WHAT YOU WILL DO
In the records that follow, find each line containing "UNITY" and copy it.
───── SUPPLIED DATA
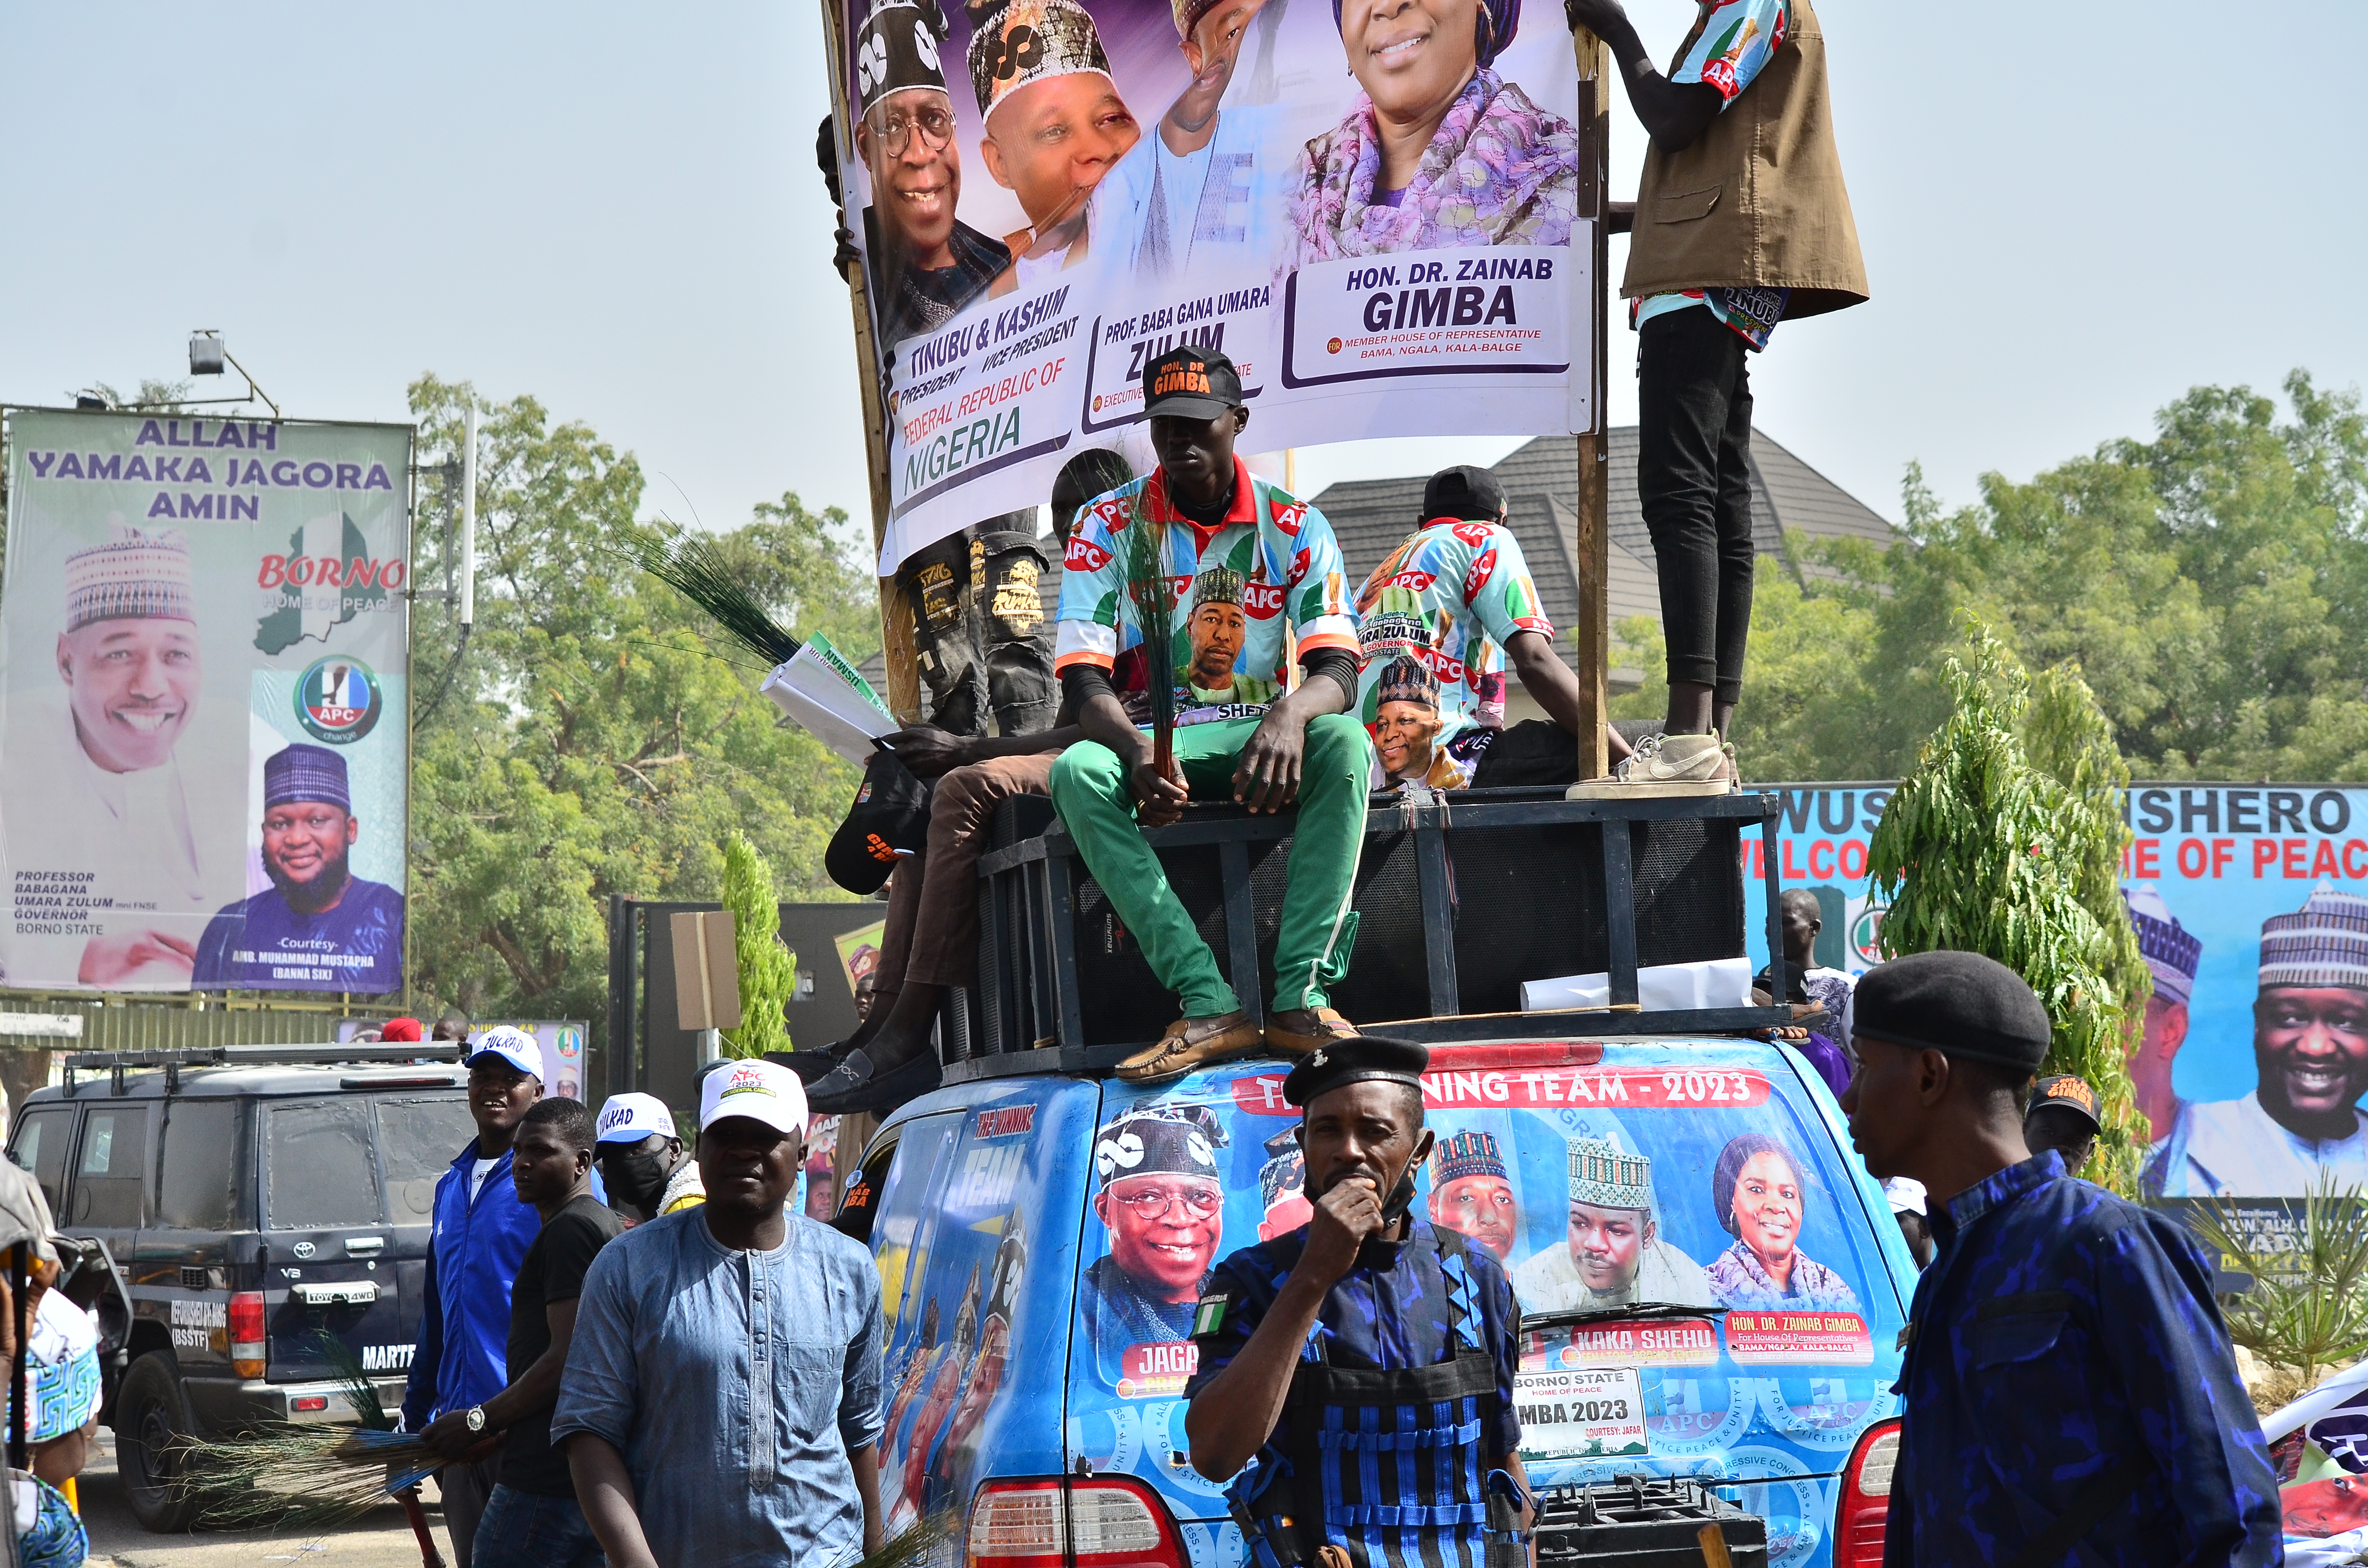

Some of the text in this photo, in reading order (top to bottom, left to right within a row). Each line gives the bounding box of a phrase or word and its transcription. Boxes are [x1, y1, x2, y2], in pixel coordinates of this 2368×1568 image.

[1346, 258, 1554, 291] HON. DR. ZAINAB
[1105, 286, 1270, 345] PROF. BABA GANA UMARA
[1363, 285, 1517, 332] GIMBA
[911, 284, 1070, 379] TINUBU & KASHIM
[1328, 330, 1541, 351] FOR MEMBER HOUSE OF REPRESENTATIVE
[981, 316, 1080, 373] VICE PRESIDENT
[1360, 343, 1522, 359] BAMA, NGALA, KALA-BALGE
[1161, 361, 1205, 372] HON. DR
[900, 366, 966, 409] PRESIDENT
[1155, 372, 1211, 395] GIMBA
[904, 357, 1065, 449] FEDERAL REPUBLIC OF
[1104, 387, 1143, 408] EXECUTIVE
[135, 420, 277, 450] ALLAH
[904, 406, 1020, 496] NIGERIA
[28, 452, 393, 490] YAMAKA JAGORA
[148, 492, 259, 520] AMIN
[1064, 541, 1100, 567] APC
[258, 554, 406, 589] BORNO
[1391, 575, 1424, 590] APC
[263, 594, 398, 612] HOME OF PEACE
[1245, 587, 1282, 609] APC
[1373, 618, 1421, 627] Babagana
[1374, 611, 1408, 619] Excellency
[1383, 626, 1431, 644] ZULUM
[1362, 651, 1378, 660] ORNO
[1367, 640, 1413, 651] GOVERNOR
[824, 649, 860, 686] USMAN
[1424, 652, 1462, 678] APC
[319, 708, 355, 721] APC
[323, 732, 357, 741] change
[2177, 838, 2235, 879] OF
[15, 871, 95, 882] PROFESSOR
[14, 884, 87, 894] BABAGANA
[14, 896, 62, 906] UMARA
[66, 897, 113, 907] ZULUM
[14, 909, 88, 920] GOVERNOR
[16, 923, 103, 935] BORNO STATE
[233, 951, 374, 968] AMB. MUHAMMAD MUSTAPHA
[483, 1035, 523, 1053] ZULKAD
[730, 1073, 766, 1083] APC
[1520, 1072, 1629, 1102] TEAM
[1663, 1072, 1751, 1102] 2023
[721, 1087, 753, 1098] PRESIDENTIAL
[2047, 1088, 2092, 1112] GIMBA
[2050, 1082, 2093, 1102] ZAINAB
[974, 1103, 1038, 1140] THE WINNING
[957, 1144, 1025, 1207] TEAM
[351, 1292, 373, 1300] 4WD
[1732, 1317, 1861, 1332] HON. DR. ZAINAB GIMBA
[172, 1328, 209, 1351] (BSSTF)
[1578, 1330, 1711, 1350] KAKA SHEHU
[1794, 1334, 1858, 1343] Representatives
[1634, 1350, 1668, 1360] BORNO
[1786, 1352, 1840, 1360] Constituency
[1515, 1372, 1625, 1387] BORNO STATE
[1572, 1399, 1628, 1422] 2023
[1772, 1390, 1783, 1413] FOR
[1782, 1415, 1826, 1442] JUSTICE
[1874, 1379, 1885, 1415] UNITY
[1808, 1402, 1857, 1422] APC
[1622, 1425, 1641, 1434] JAFAR
[1660, 1413, 1713, 1433] APC
[1687, 1436, 1721, 1453] PEACE
[1728, 1390, 1741, 1426] UNITY
[1174, 1466, 1217, 1488] USTICE
──────────
COMPLETED TASK
[1874, 1379, 1885, 1415] UNITY
[1728, 1390, 1741, 1426] UNITY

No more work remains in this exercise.